何がどうしてそうなったのかは後になってから知った。
ただその時はどうして、何故、そんな思いしかなかった。



仲間が一人、また一人倒れていく中、僕は最後まであの人の背中に守られていた。
あの人の言う方向に全力で走った。しかしそれで二人が逃げ延びることが出来るほど、相手は容易くなかった。
観念するんだな、とか月並みすぎる言葉を言われたような気がする。
それでも、完全に囲まれてもまだ僕とあの人は別働隊の合流を信じていた。
あと少し、時間が稼げればきっと来てくれる!
最後まで希望は捨てなかった。
しかし、その最後というのは、僕にとっては気を失うまでの間のことで。
あの人にとっては、命を失うまでの時間のことだった。



幸せなのかそうでないのか良くわからないけれど、僕はその『瞬間』を覚えていない。
包囲網が段々と狭まって、僕はあの人よりも先に倒された。脇腹に熱さを感じたと思ったら、頭に鈍い衝撃が走った。
てっきり殺されたのかと思った。それならそれで良かった。
僕の方が先に殺されたのならば、それもまた時間稼ぎになるからだ。
つまり、あの人が助かる可能性があるということだ。もう足手まといを庇って戦う必要などない。
そうであって欲しかった。
しかし僕が次に『見た』のは最悪な光景だった。
どこからか複数の足音が聞こえてきて、怒号と共に誰かと誰かが斬り結ぶ音が響いた。
僕がそこで聞いた人の言葉は、撤退、だの、用は済んだ、だの、そんなことだったような気がする。
その後しばらくして、誰かが僕を抱き起こしてくれたんだと思う。
僕の名を呼ぶその声に、一瞬だけ、僕は意識を取り戻した。
そしてうっすらと目を開き、即座に閉じることになった。
目の前に広がっていたのは赤い色。あの人の鎧の色だ。でもその時はそれだけじゃなかった。
あの人の血の色。夥しいほどの血が草地を染めていた。
そして、横になって倒れていたその身体には首が無かった。
僕は再び昏倒した。
意識を失う間際ちらりとだけ、鎧の向こう側で呆然と立ち尽くしている、あの人と同じ赤い色の服を来た人の姿が目に入った。

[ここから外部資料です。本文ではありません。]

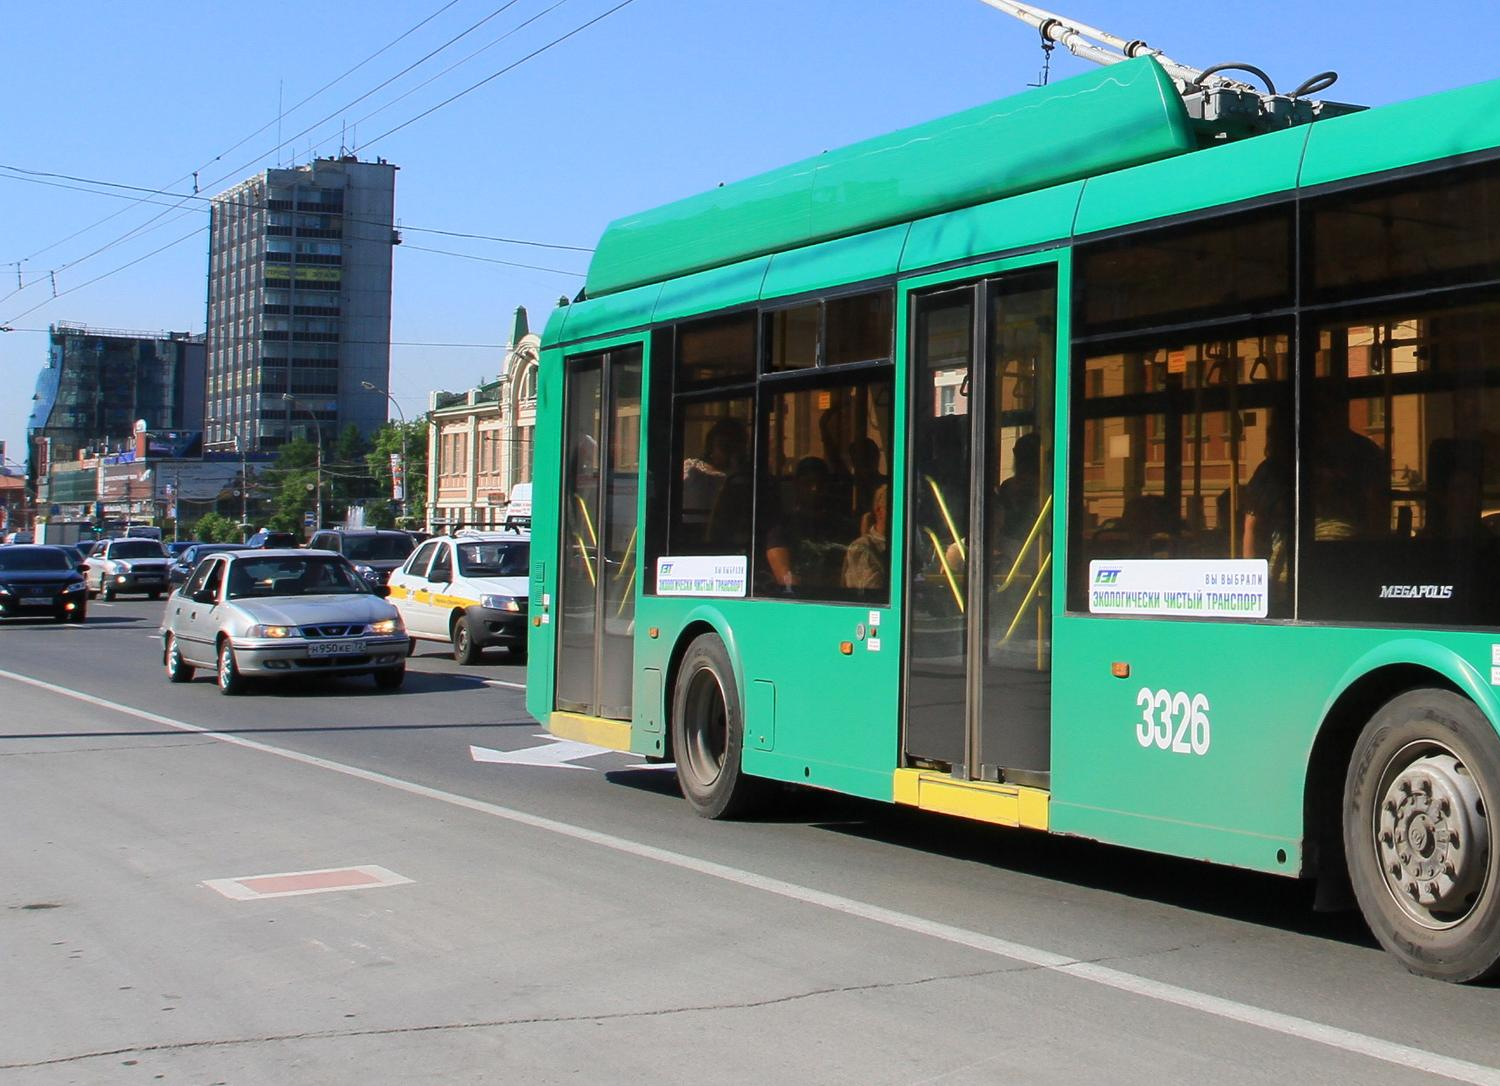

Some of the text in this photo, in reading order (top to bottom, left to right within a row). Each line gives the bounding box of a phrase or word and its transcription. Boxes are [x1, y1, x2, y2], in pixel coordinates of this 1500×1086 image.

[1205, 574, 1263, 585] ВЫ ВЫБРАЛИ
[1093, 590, 1263, 611] ЭКОЛОГИЧЕСКИ ЧИСТЫЙ ТРАНСПОРТ
[1379, 585, 1453, 599] MEGAPOLIS
[1136, 687, 1211, 755] 3326
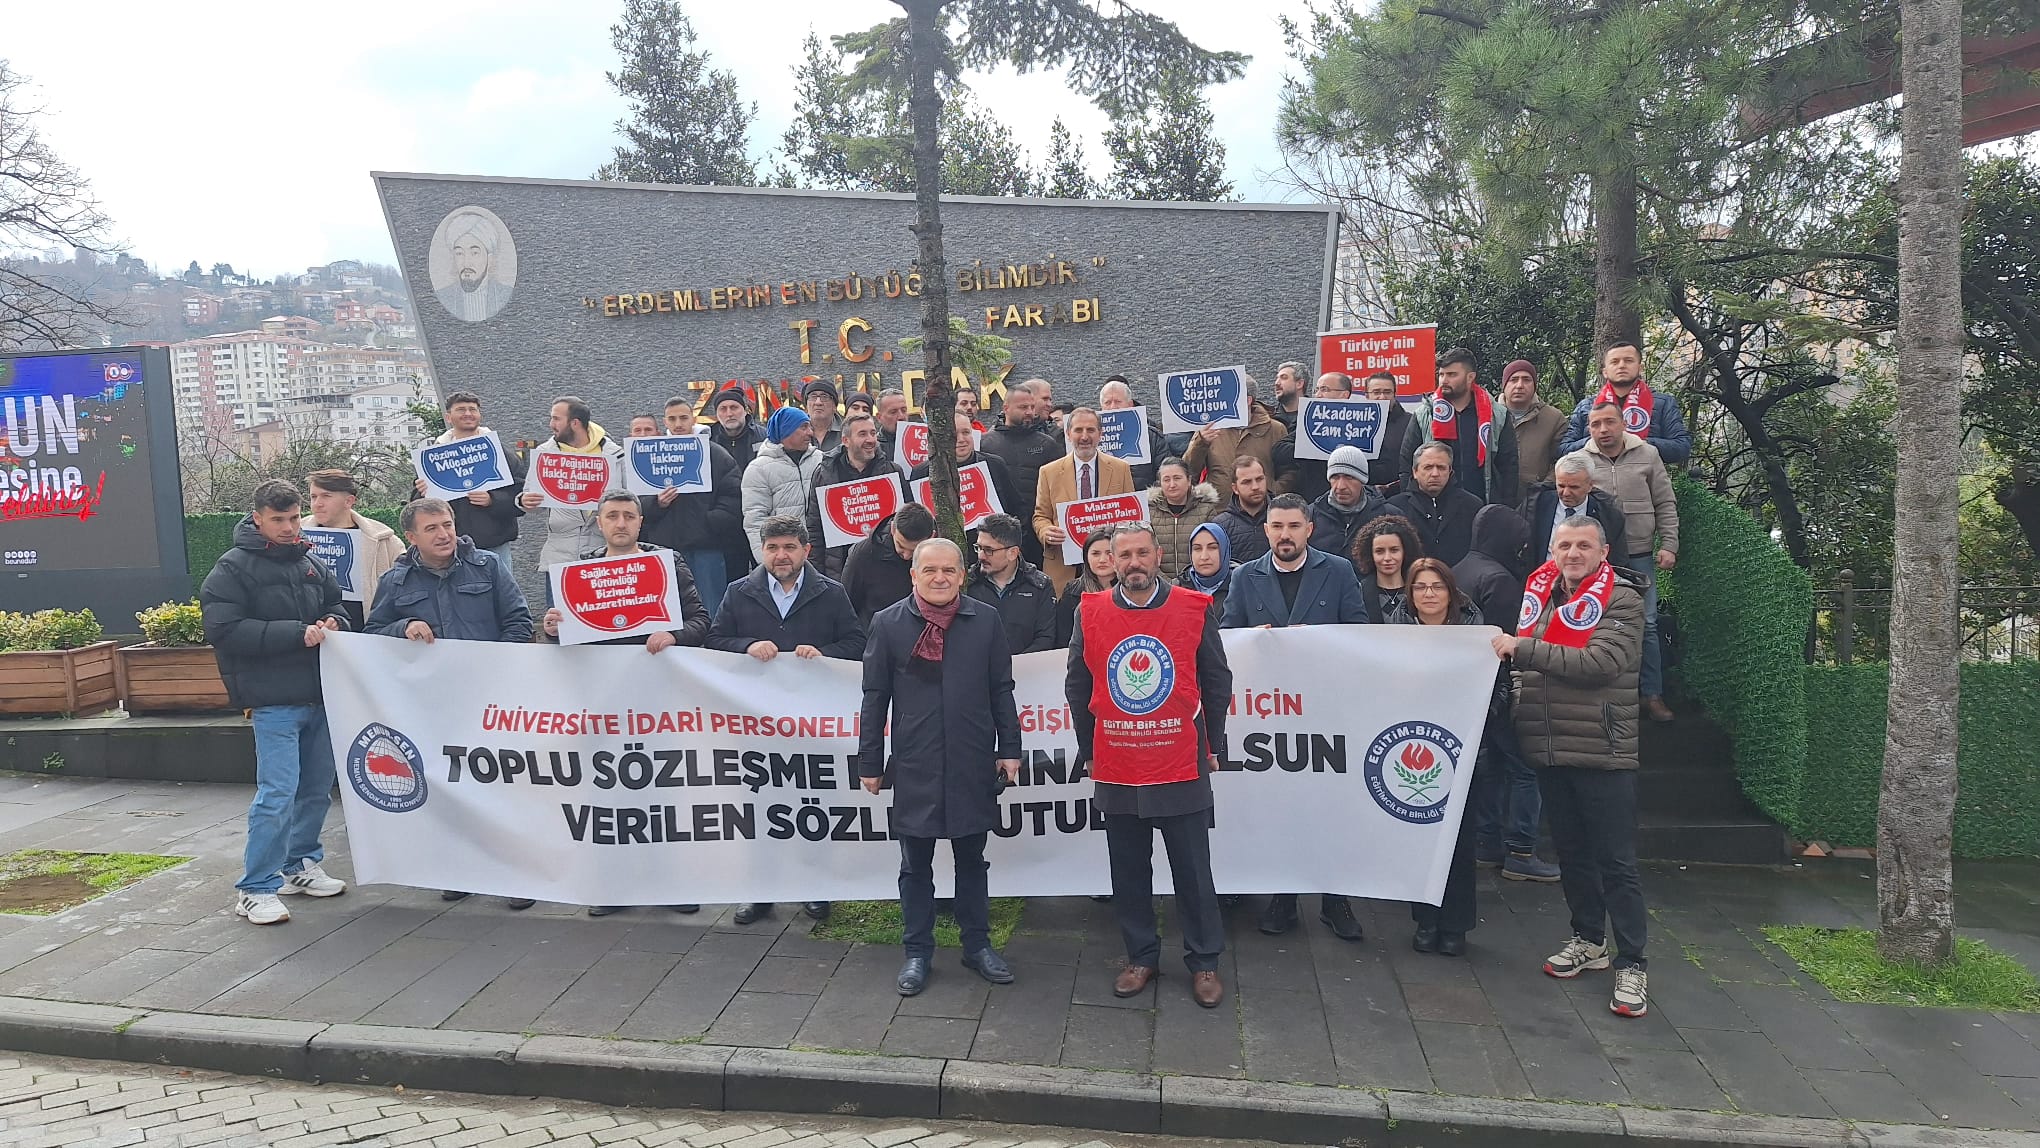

次に目が覚めた時、どこにいるのかわからなかった。目の焦点が合っていないようだ。
身体が岩のように重かった。頭にも鈍い痛みを感じる。
一度目を閉じて再度開くと、今度は少しはましになった。
見慣れない天井が見えた。辺りを見回したが明らかにここはアリステルの病院ではなかった。
柔かな日差しが入り込み、暖かい室内。ここはどこなのだろう。
と、仕切りのカーテンが揺れ、隙間からひょっこりと顔を出した女性とばっちり目が合った。
「キール!」
レイニーさんは目を輝かせて、早足で寝台に駆け寄って来た。
「良かった、気がついたんだね!」
それから数回僕に言葉を掛けた後部屋を出て行き、またソニアさんとマルコさんを連れて戻ってきた。
「キール君、調子はどうですか」
「…………」
「とりあえずここは安全ですから、ゆっくり治してくださいね」
そう言って優しく微笑むソニアさんの雰囲気は今までと何ら変わらないように思えたが、前よりも顔がほっそりして見えた。
それからレイニーさんとマルコさんは、ここがどこなのかをざっと説明してくれた。
ここはサテュロス族の国、セレスティア。縁あって匿ってくれているらしい。
出入口に結界が張られていて、サテュロス族と一緒じゃないと人間は出入りも自由にできないらしい。
そこまでの話を聞いて、僕は少し咳き込んだ。少しだけ身体に響く。
マルコさんは慌てながら、ちょっといっぺんに話しすぎちゃったかな、と気遣ってくれた。
「じゃあとりあえず僕たちは行くね。村長さんに呼ばれてるんだ」
「ゆっくり休むんだよ!これからのことは後で考えればいいんだから」
「はい」
「じゃあソニアさん、あたしたちはこれで。すいませんが後はよろしくお願いします。ソニアさんも…あまり無理なさらないでくださいね」
「えぇ、ありがとうございます」
そうして二人は慌ただしく部屋を出て行った。
今度はソニアさんが僕の怪我の状態を説明してくれた。僕は重い怪我を負っていたものの回復傾向で、ここセレスティアでは尚更傷の治り早くなっているとのこと。すぐに歩けるようになるだろうと。
説明が終わると、何かあったら呼んで下さいねと言って、ソニアさんも部屋を出て行った。
きっと気を使ってくれたのだ。
レイニーさんとマルコさんからあの後の話を僕は聞かなかった。ソニアさんも口にしなかった。
そう思った途端、身体が震えてきた。
無理やりにでもゆっくりと深呼吸して、時間をかけて落ち着かせた。
ソニアさんは強い人だなと思った。
この僕に対してさえも以前と同じように振舞おうとするその姿勢を、本当に強いと思った。
とても真似できそうにない。
僕よりもあの人に対して強い想いを持っていたソニアさんはこんなにも気丈なのに、僕の方といえば。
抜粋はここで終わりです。